Data planning

This has been up in various guises before, it remains incomplete but I’ve had requests recently to post.

Use this document in conjunction with the Research data planning checklist and the research data guidelines above to help with the research data planning process.

1. Describing your data
– How will this research be generated and used in this project?
– Describe the data set as completely as possible. Include information about the format, average size, volume and/or estimated number of data files produced.
– Consider life cycles of this data set:
– What stages does the data go through (eg raw, processed, analyzed)?
– What methodologies at each stage?
– What tools and instruments are used?
– Who is involved (eg. Professors, lab techs, students)
– How will this data be managed?
– How will you identify and cover costs of managing data sets?

 Data collection
– Are you collecting on paper based forms? How will they be digitised?
– Any additional requirements (eg. image scanner, optical character recognition)?
– Collecting data by mobile phone or tablet? What software, how will you access?
– Who is responsible? Where will the data be hosted?

Data and metadata standards
– Are there any standard formats in for eld for managing or disseminating the data sets (eg. XML, ASCII, CSV)?
– Is your format proprietary rather than open and is this essential?
– If there is not a standard format, how will you format the data so that others in your field will be able to make use of it?
– Who in your team will have responsibility for ensuring that data standards are properly applied and data are properly formatted?

Metadata is structured information that describes or otherwise makes it easier to retrieve, use or manage an information resource. It represents the who, what, why, where and how of the resource.
– How will metadata be generated and captures for each of your data sets?
– Are you aware of any metadata standards that could be used for you data sets?
– If there is not a metadata standard, what metadata will you need to generate so that others in your field will be able to find, understand and make use of your data?
– Who in your research team will be responsible for ensuring metadata standards are followed?
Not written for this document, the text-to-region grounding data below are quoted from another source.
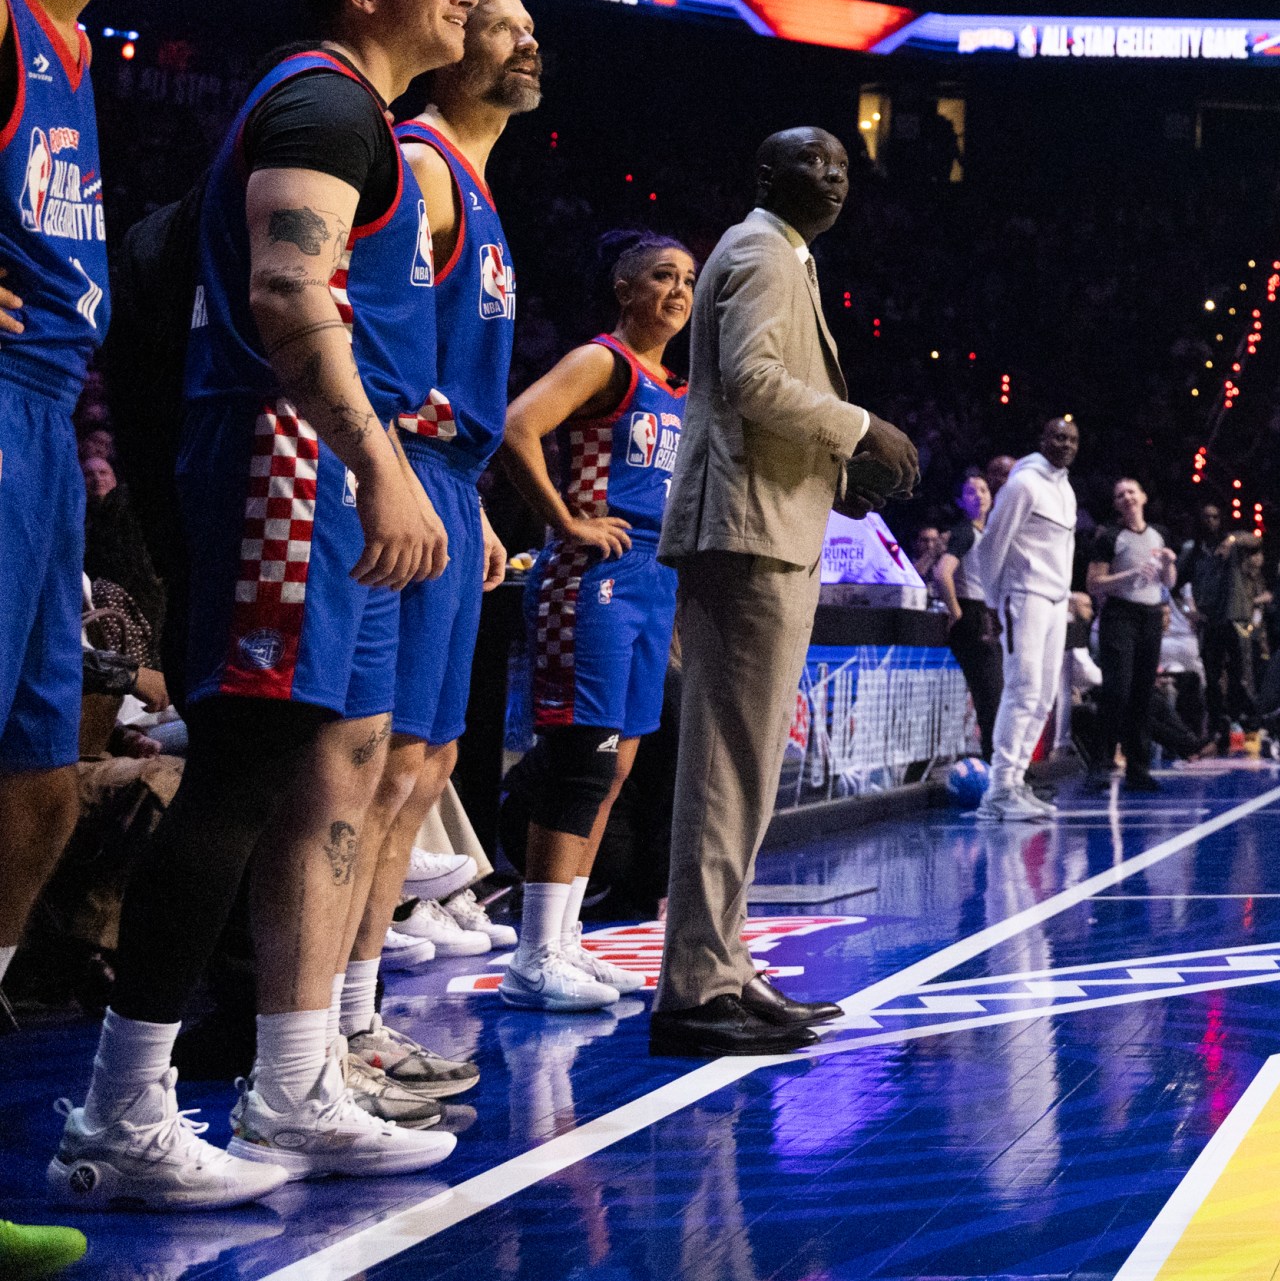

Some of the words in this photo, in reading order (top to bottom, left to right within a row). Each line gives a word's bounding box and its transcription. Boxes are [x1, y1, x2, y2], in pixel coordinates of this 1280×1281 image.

[1115, 26, 1201, 59] CELEBRITY
[1201, 27, 1249, 59] GAME
[44, 197, 93, 241] CELEBRITY
[414, 266, 429, 281] NBA
[483, 300, 501, 316] NBA
[824, 547, 864, 560] RUNCH
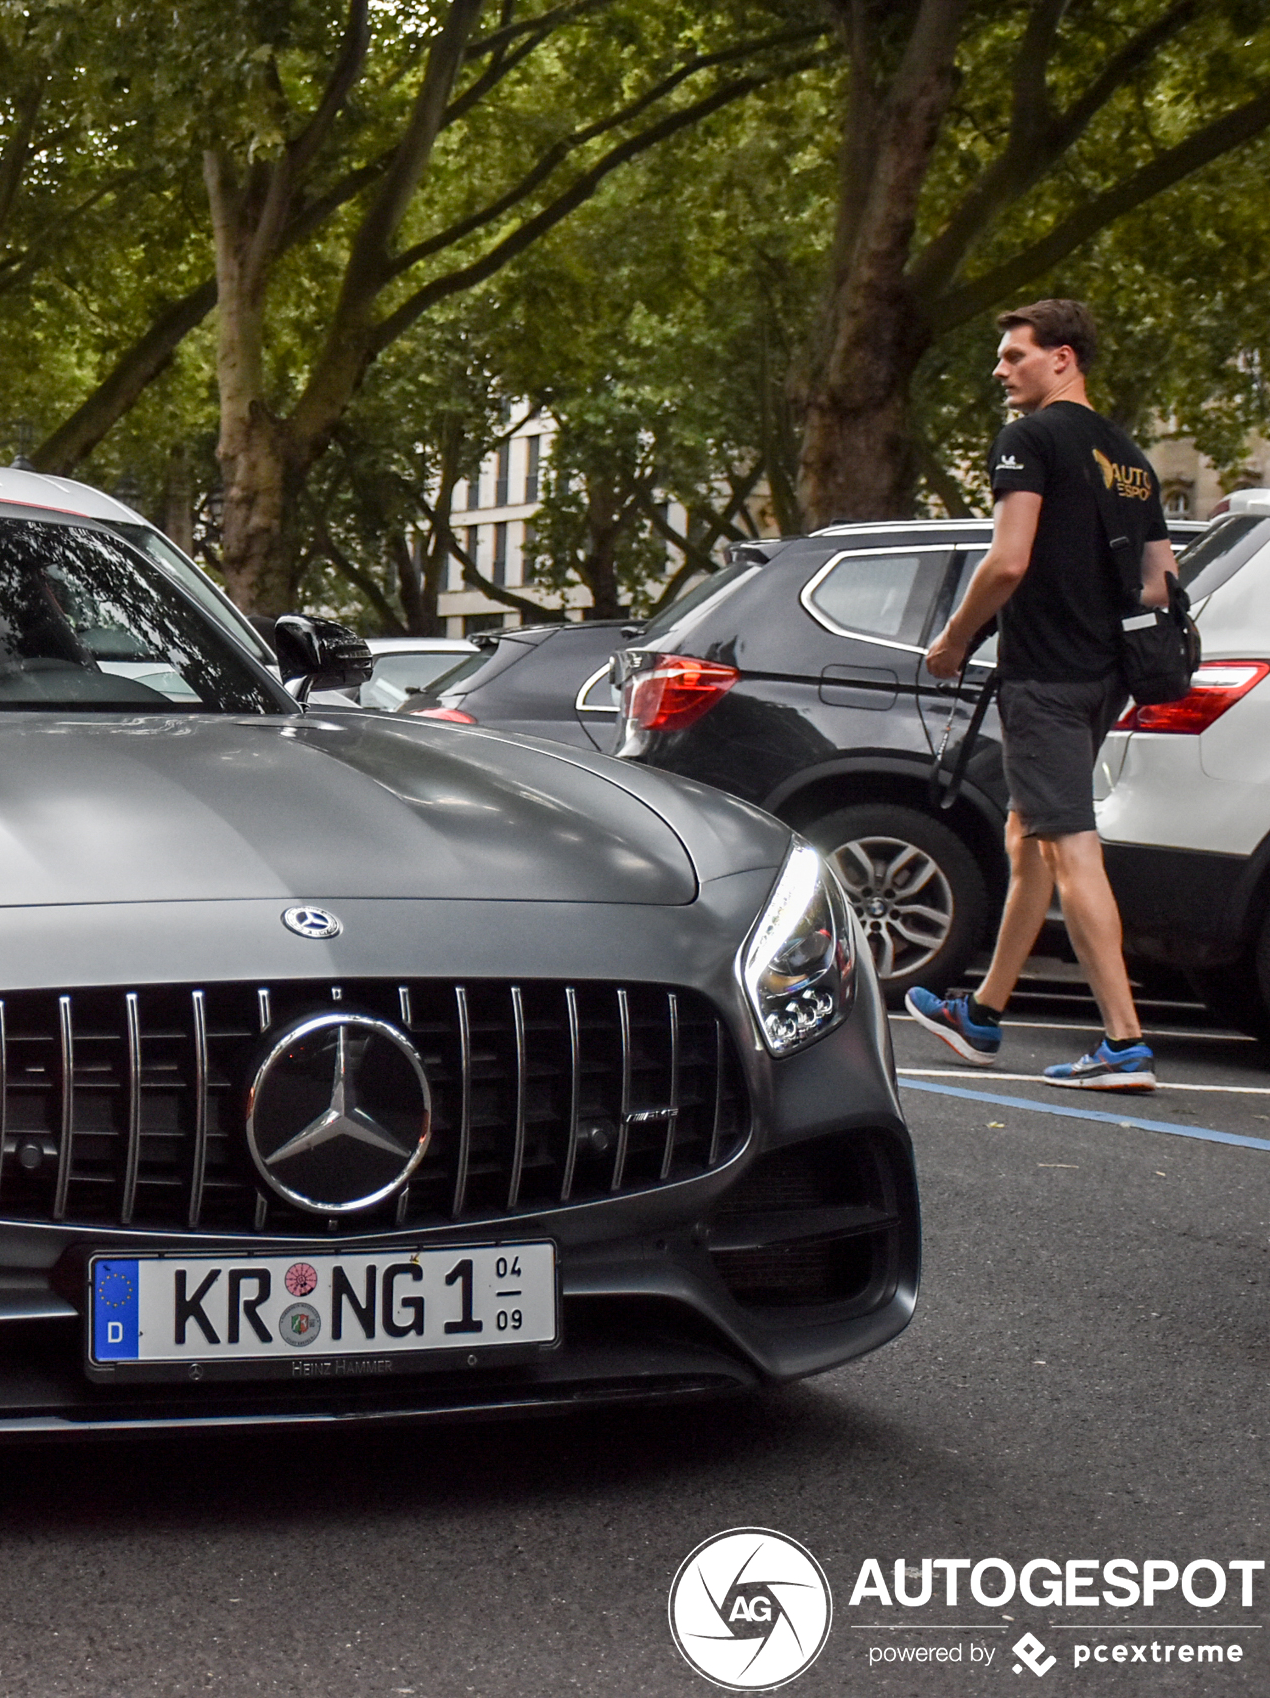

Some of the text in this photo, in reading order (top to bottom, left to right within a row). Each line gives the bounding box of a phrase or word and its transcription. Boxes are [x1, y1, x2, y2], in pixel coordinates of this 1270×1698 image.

[496, 1256, 522, 1278] 04
[175, 1259, 483, 1345] KR NG 1
[496, 1309, 523, 1331] 09
[108, 1322, 123, 1343] D
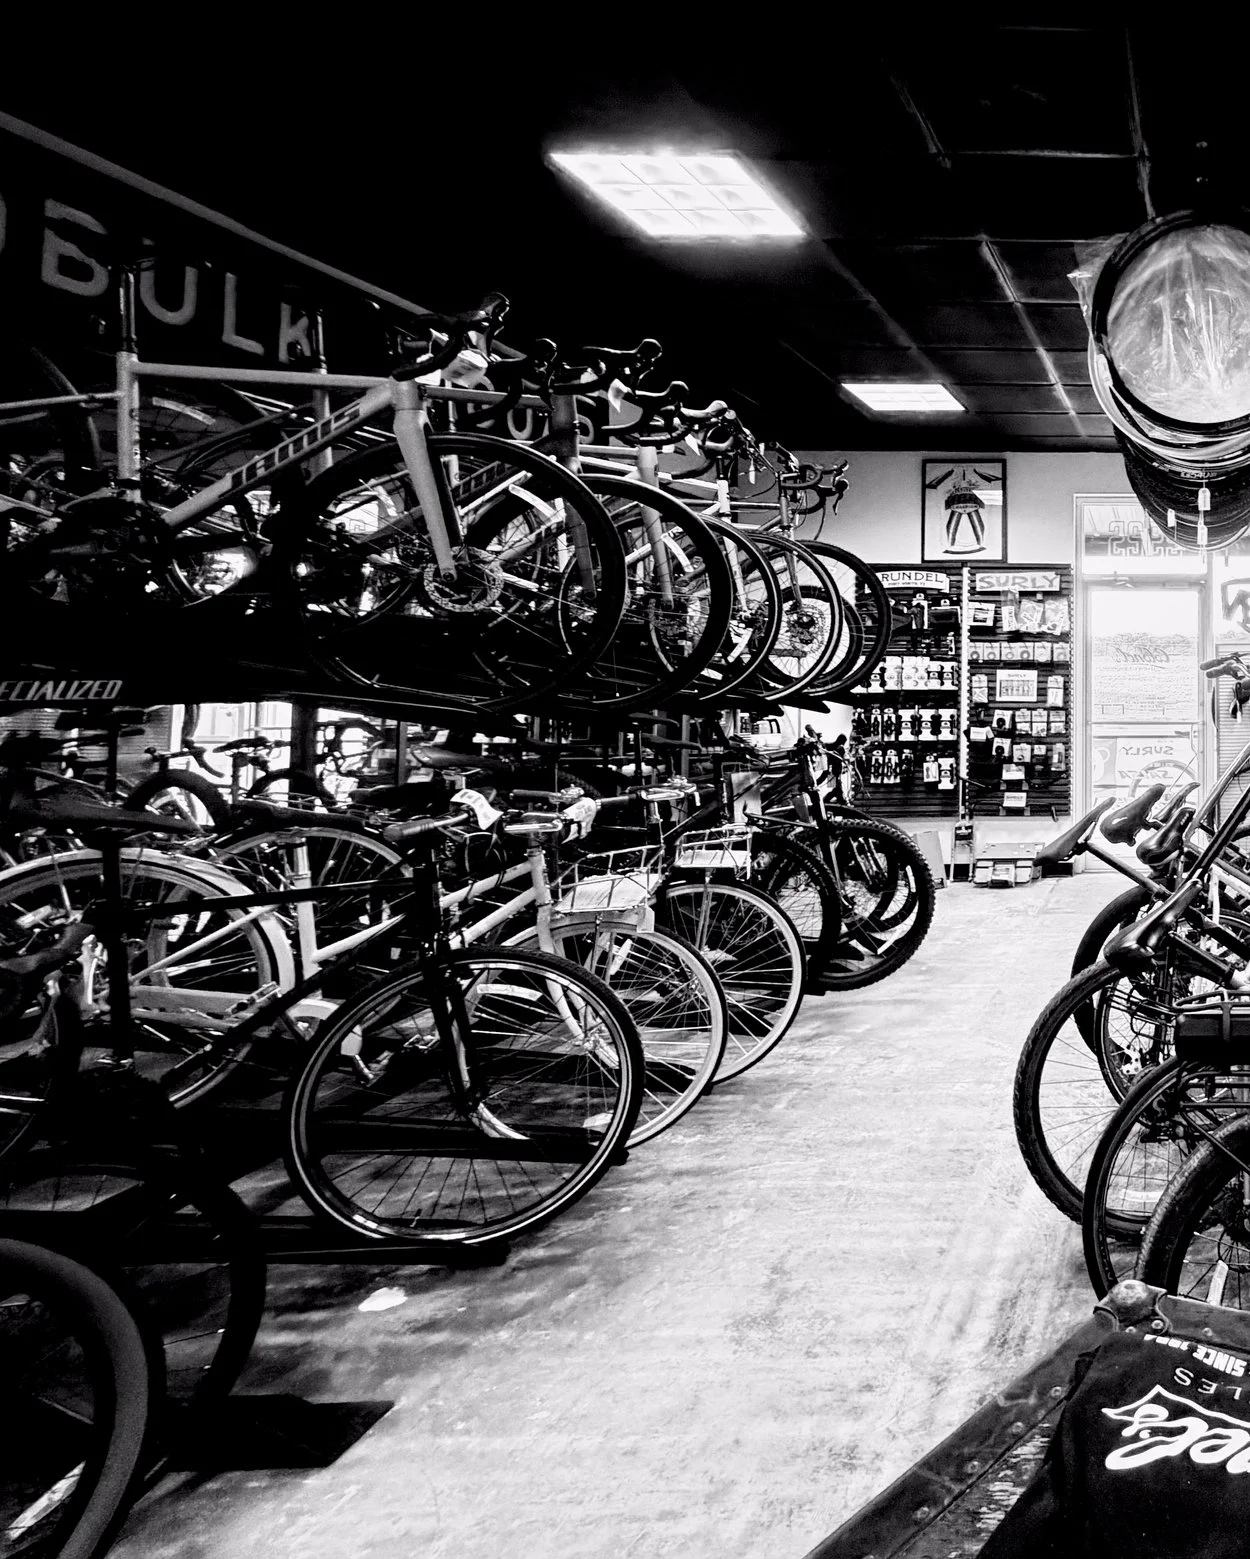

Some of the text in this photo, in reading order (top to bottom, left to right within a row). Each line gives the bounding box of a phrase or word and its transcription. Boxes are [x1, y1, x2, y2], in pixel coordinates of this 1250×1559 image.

[0, 190, 313, 364] BULK
[221, 402, 362, 499] JAMIS
[880, 571, 944, 585] RUNDEL
[978, 575, 1060, 590] SURLY
[1193, 1344, 1246, 1378] SINCE
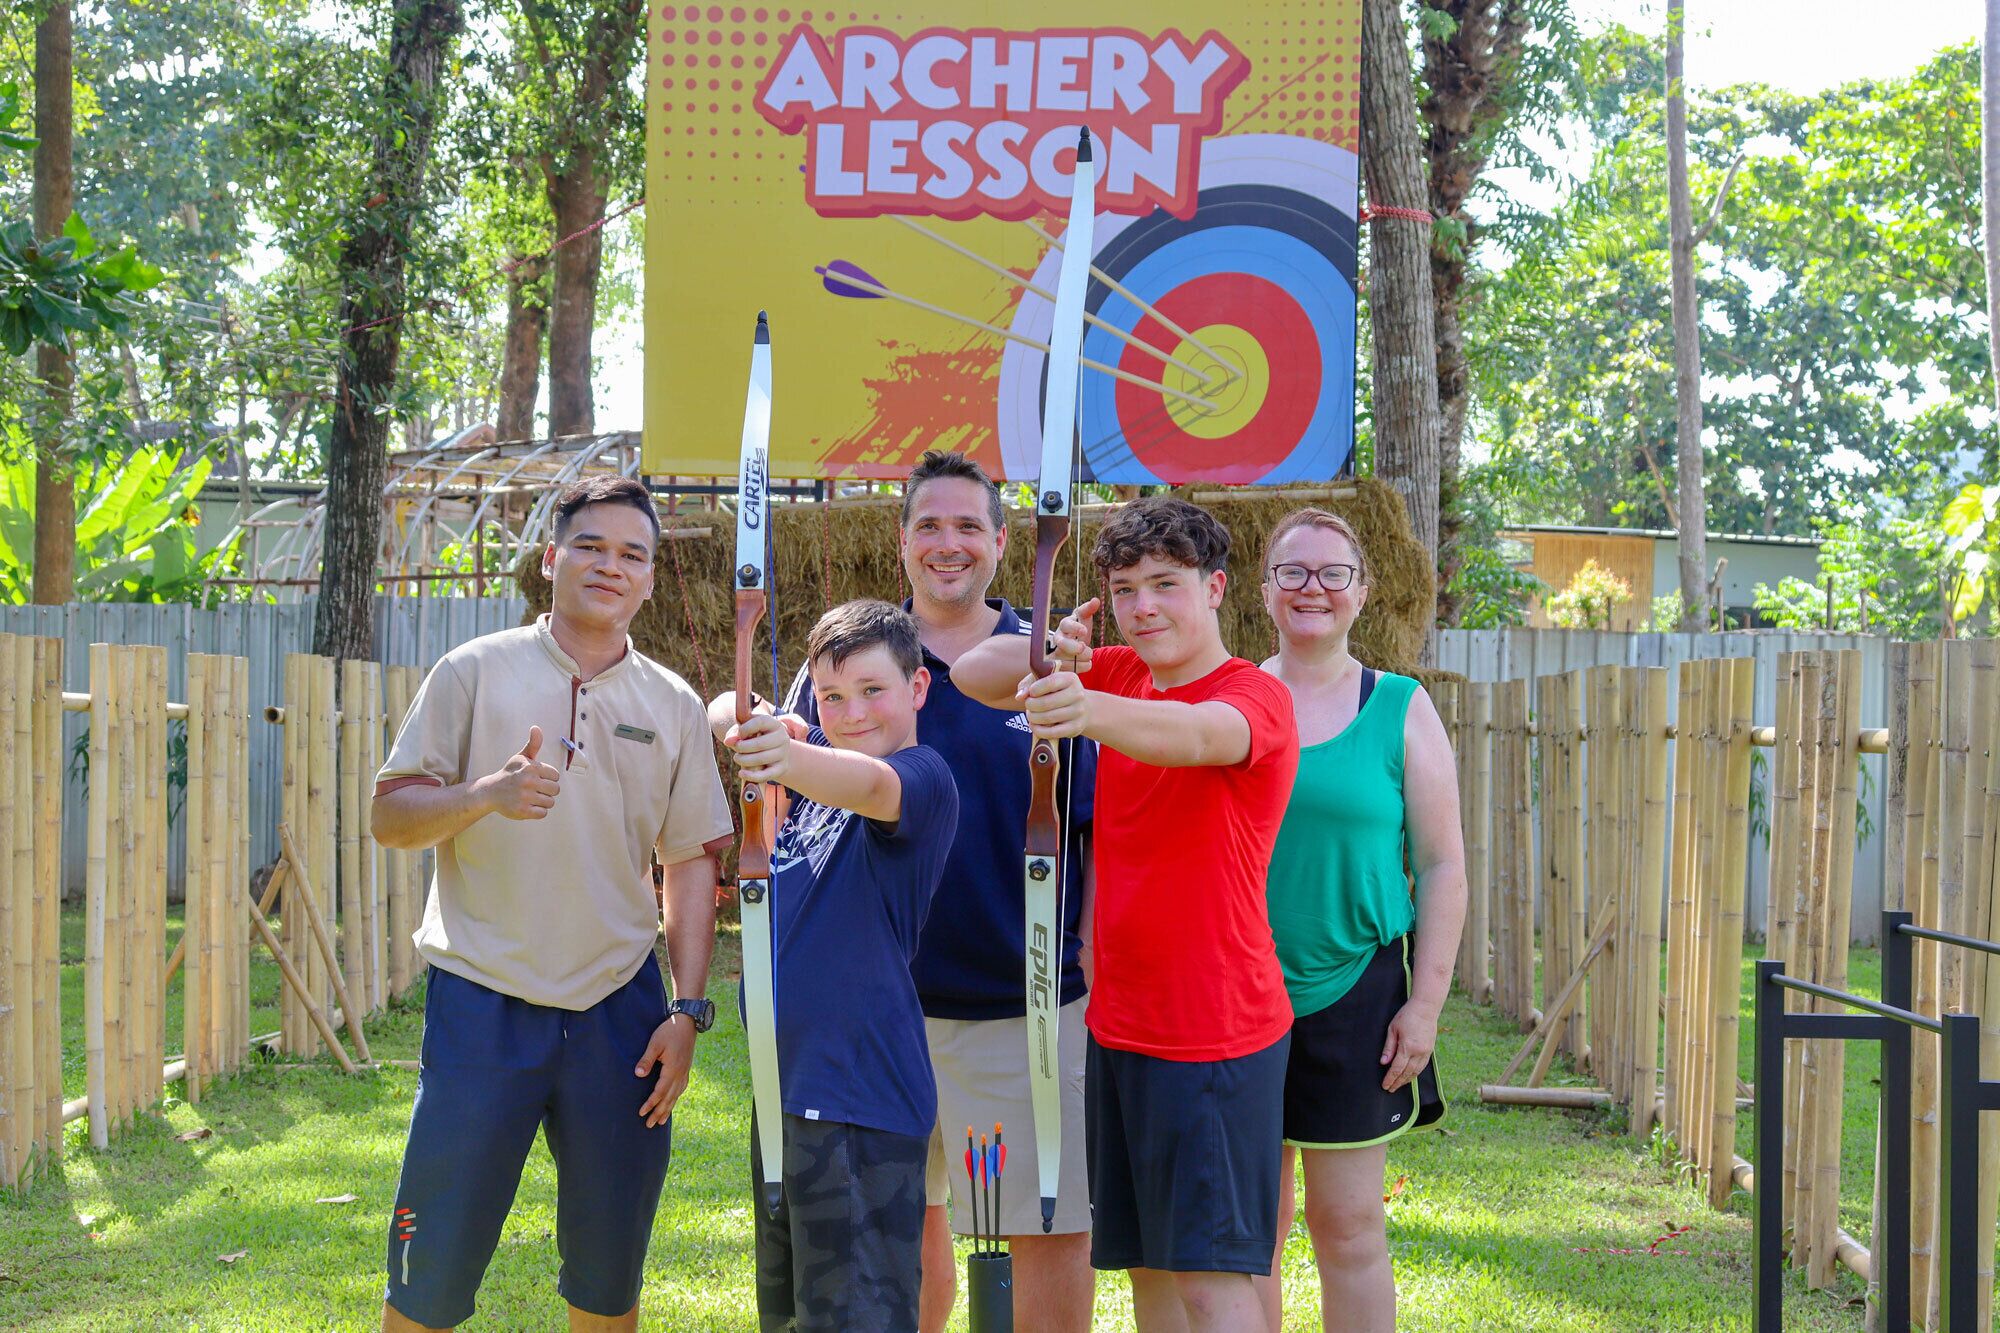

2. Intellectual property, ownership and copyright
Funding agencies may have varying approaches toward IP, copyright and related issues. UCT has specific IP and ownership, and South African IP law is different than many other countries.
– Who will own these data sets? Any other stakeholders need to be consulted before data sets are made
– Will you permit re-use of data, either with or without conditions?
– Will you permit re-distribution of the data, either with or without conditions?
– Will you permit the creation and publication of derivatives of the data, either with or without conditions?
– Will you permit others to use the data to develop commercial products or in ways that produce a financial benefit for themselves, either with or without conditions?

3. Data sharing
Funding agencies may recommend or require data sharing during the course of research.
– How will the people who generated the data sets receive attribution for their work?
– Who would be the target audience for your data sets, and how would they use your data?
– When will you share each of your data sets (eg. After data has been normalised, corrected, after publication, etc)?
– Will you place any conditions on the sharing of your data with others (ie requiring some form of acknowledgement or attribution, forbidding for-profit use)?
– If these data sets contain sensitive information, what steps will you take to ensure protection?
– Do you need to get specific consent for data sharing? Note this if often essential for qualitative interviews, genetic data.

Data archiving and preservation
– Which of you data sets have long-term value to others?
– How will you ensure ongoing access beyond the life of the project?
– What related information needs to be preserved with the data?
– How will you or the repository you are working with ensure that these data sets are able to withstand changes in or the obsolescence of the storage techniques?

Additional resources
This document borrows heavily from: Purdue University Libraries. Data management plan self assessment questionnaire. Purdue University, West Lafayette IN. 2/4/11.